Register Forgot login?

© 2002-2019
Encyclopaedia Metallum

Best viewed
without Internet Explorer,
in 1280 x 960 resolution
or higher.

Privacy Policy

Malisoun Rogue - S/T - 50%

Silicon Messiah, April 14th, 2016
Written based on this version: 2011, CD, Inner Wound Recordings

Before settling on the name Malison Rogue, the boys from Nyköping, Sweden, criss crossed between a number of names. They eventually settled, and released their self titled debut in 2011. And the album's not bad, it's just not very great. Opener ‘Friend Or Foe?’ wants to be a power metal song, but is too slow, and almost melancholic in its approach. Instead, I would have put ‘We’re All Born Sinners’ first, with its sing along chorus and refreshing guitar sound. And it’s just a nice tune, basically. Better to open with something uplifting, than something that drags you down. Sure, you need to press in a ballad. ‘My Mistakes’ sucks, no way around it, as Sebastian Johansson pretend emotive vocals make it no justice, and the rhythm section is boring. The solo works, but doesn’t lift the song.

Now that I mention it, guitarist Jonatan Björkborg makes a good album. His riffs – and more often, his solos – are what keeps the music afloat. Had he not been such a good guitarist, the music would have sunk into total obscurity. He doesn’t save every song, however. ‘The Griever’ and the aforementioned ‘Friend Or Foe?’ are dark, with an anonymous feel to them. ‘The Pain You Cause’ is different, as it’s a faster track, with some great leads and an above average effort by vocalist Jansson. I’d rather he show the same enthusiasm and intensity on the entire album. Sure, he’s stable, but not exceptional, even with a voice that could work wonders.
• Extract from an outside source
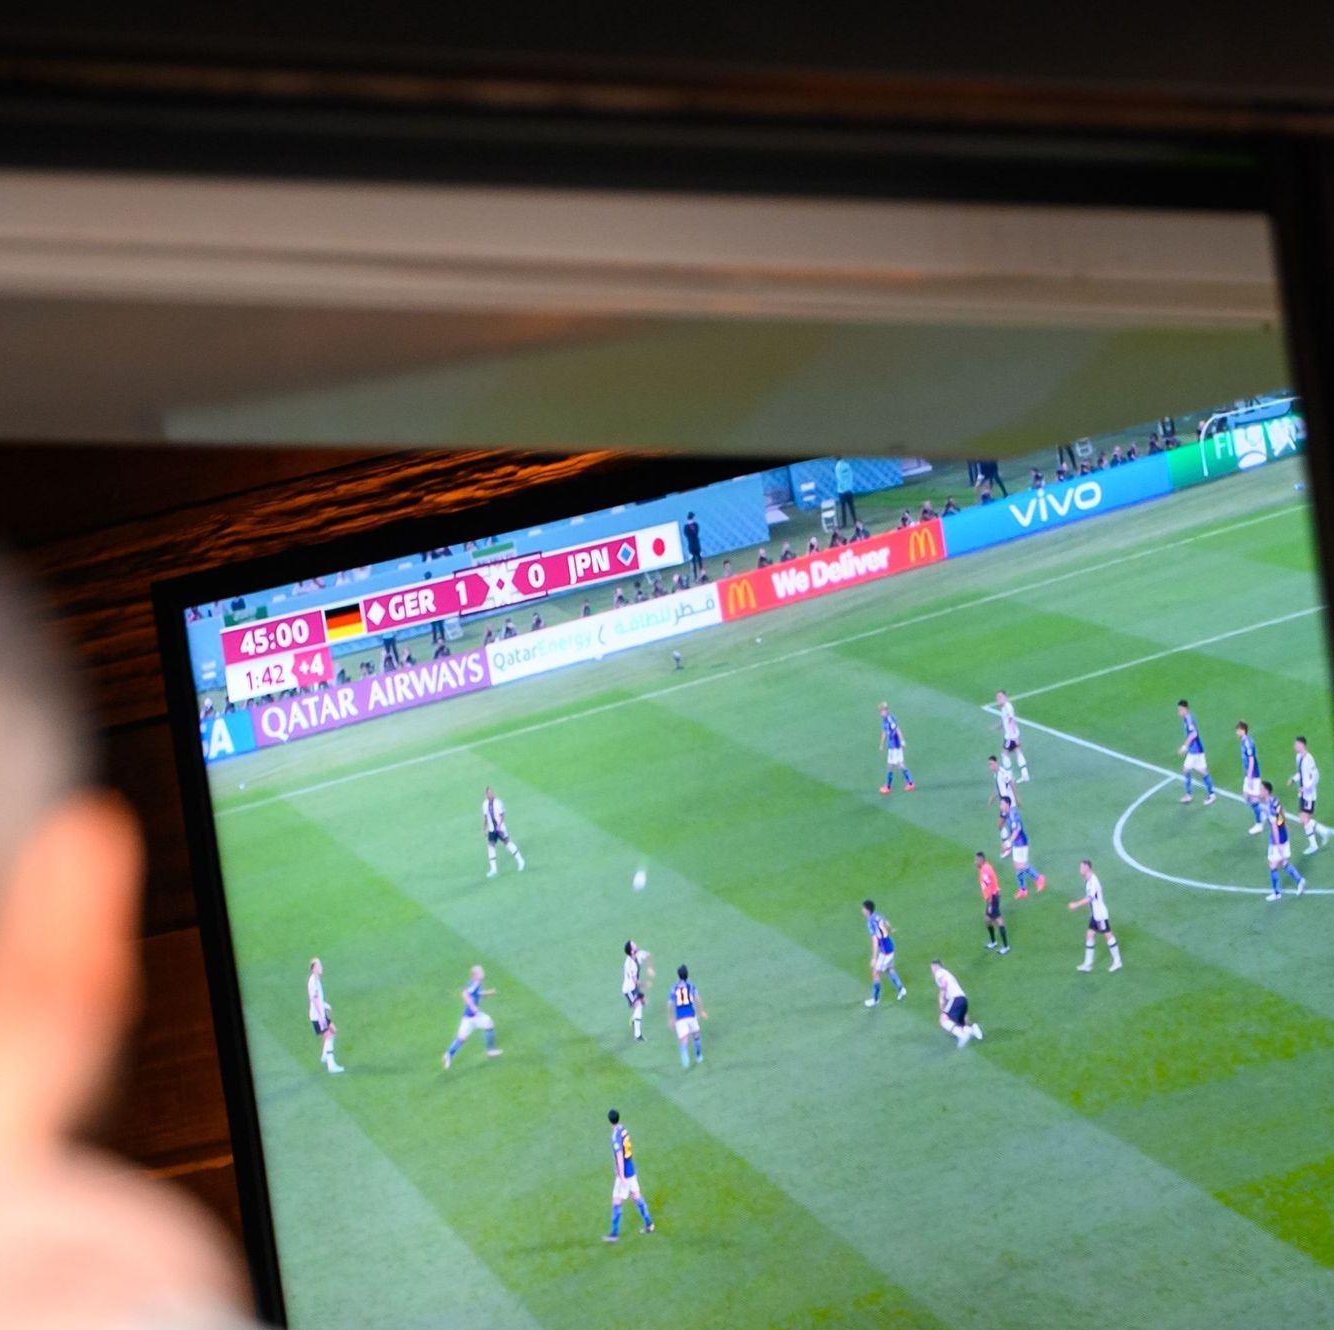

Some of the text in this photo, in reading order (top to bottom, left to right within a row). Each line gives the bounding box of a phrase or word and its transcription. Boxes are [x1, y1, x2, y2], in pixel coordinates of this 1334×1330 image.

The album doesn’t hook you in until the end. The last three songs are the best on here. ‘Scars’ is the longest track, at about seven minutes. It sees a slower tempo, and some far too short guitar solos that really lift the song, and carries a lot of what the rest of the album lacks. It’s slightly more operatic in feel, a touch which works. Björkborg again saves the day in closing ‘Everything Fades’, which has the best guitars on the album. A duet between Jansson and Johanna Lewerin, it’s another show of what the rest of the album should have been. Unfortunately, the first five tracks feel so standard it simply doesn’t feel worth it. The album’s not totally worthless however, as the last three songs lift it up more than what you’d expect, as well as Björkborg’s solid guitar work.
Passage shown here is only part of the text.